Task item: If an entry holds a picture, leave the picture out and copy the rest of the listing exactly.

Extracted entries Start Marker

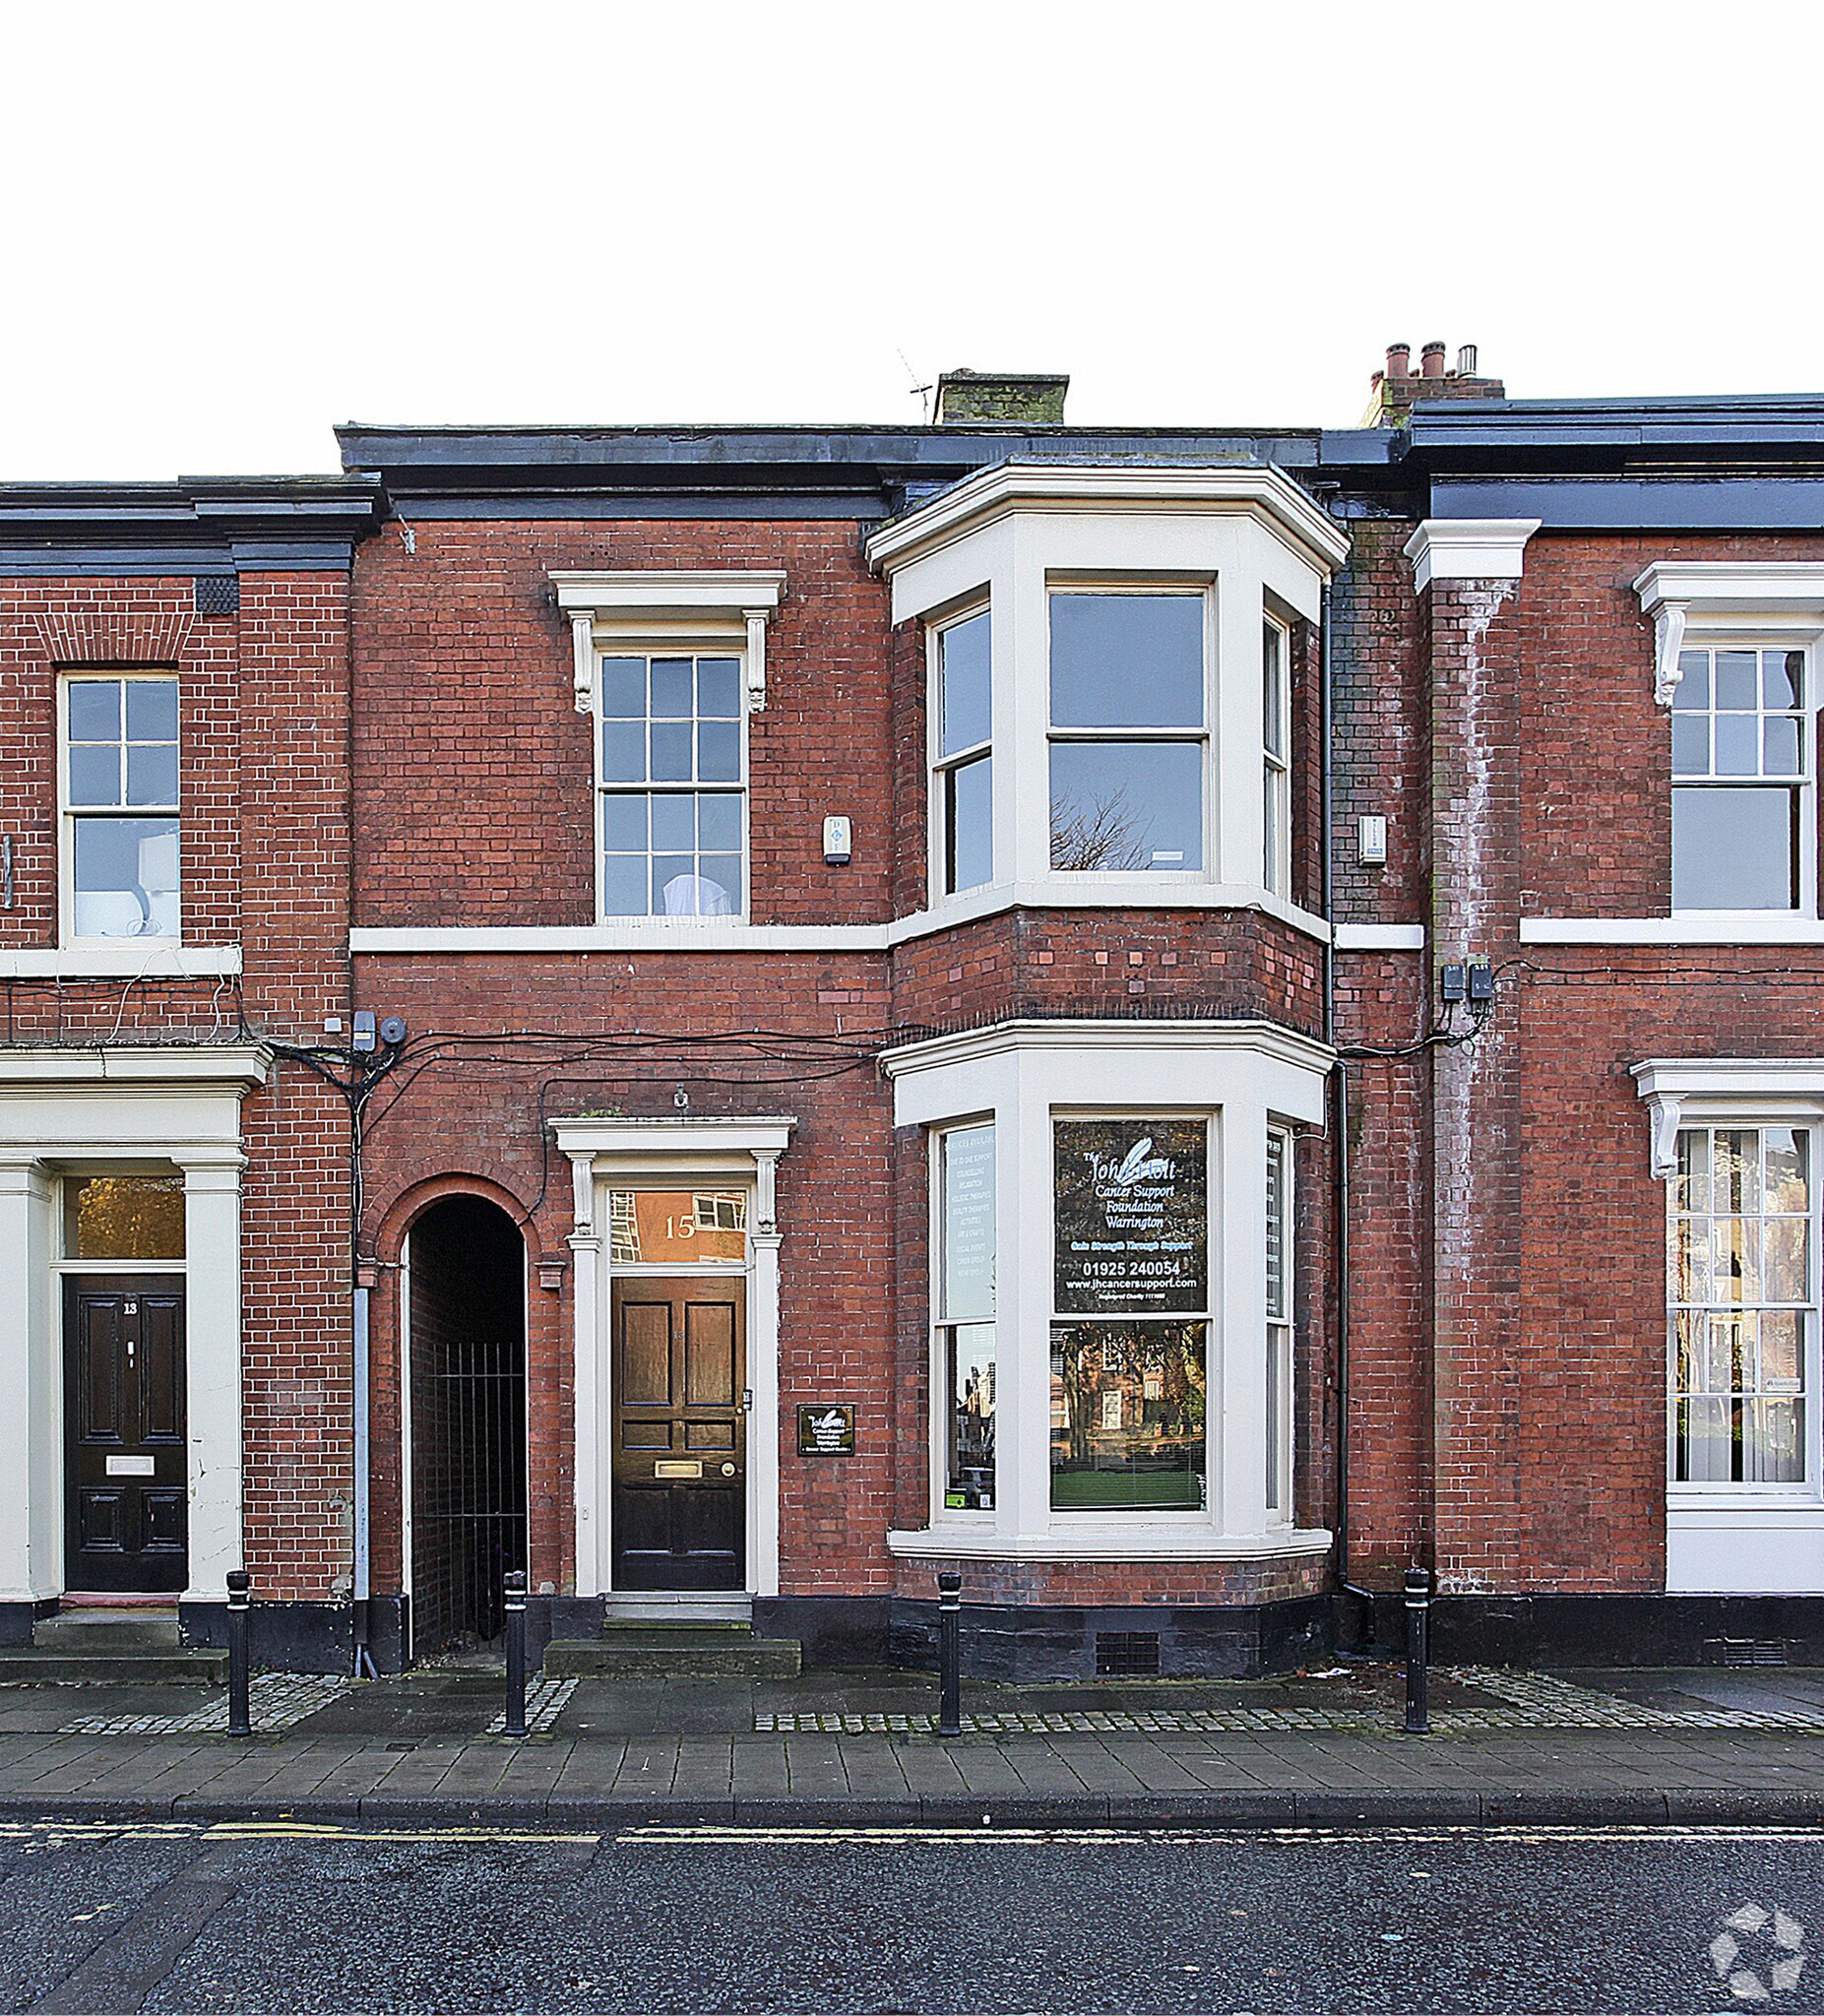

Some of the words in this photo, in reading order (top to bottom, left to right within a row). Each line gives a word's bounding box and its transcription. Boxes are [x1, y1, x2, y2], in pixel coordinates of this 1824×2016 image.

[1095, 1185, 1132, 1197] Cancer
[1133, 1185, 1175, 1199] Support
[1106, 1199, 1164, 1213] Foundation
[666, 1215, 695, 1239] 15
[1105, 1215, 1164, 1230] Warrington
[1083, 1262, 1126, 1276] 01925
[1129, 1261, 1180, 1276] 240054
[1066, 1279, 1197, 1290] www.jhcancersupport.com
[124, 1303, 137, 1314] 13

Extracted entries End Marker

Completed task:
Some of the words in this photo, in reading order (top to bottom, left to right within a row). Each line gives a word's bounding box and its transcription. Boxes are [x1, y1, x2, y2], in pixel coordinates of this 1824×2016 image.

[1095, 1185, 1132, 1197] Cancer
[1133, 1185, 1175, 1199] Support
[1106, 1199, 1164, 1213] Foundation
[666, 1215, 695, 1239] 15
[1105, 1215, 1164, 1230] Warrington
[1083, 1262, 1126, 1276] 01925
[1129, 1261, 1180, 1276] 240054
[1066, 1279, 1197, 1290] www.jhcancersupport.com
[124, 1303, 137, 1314] 13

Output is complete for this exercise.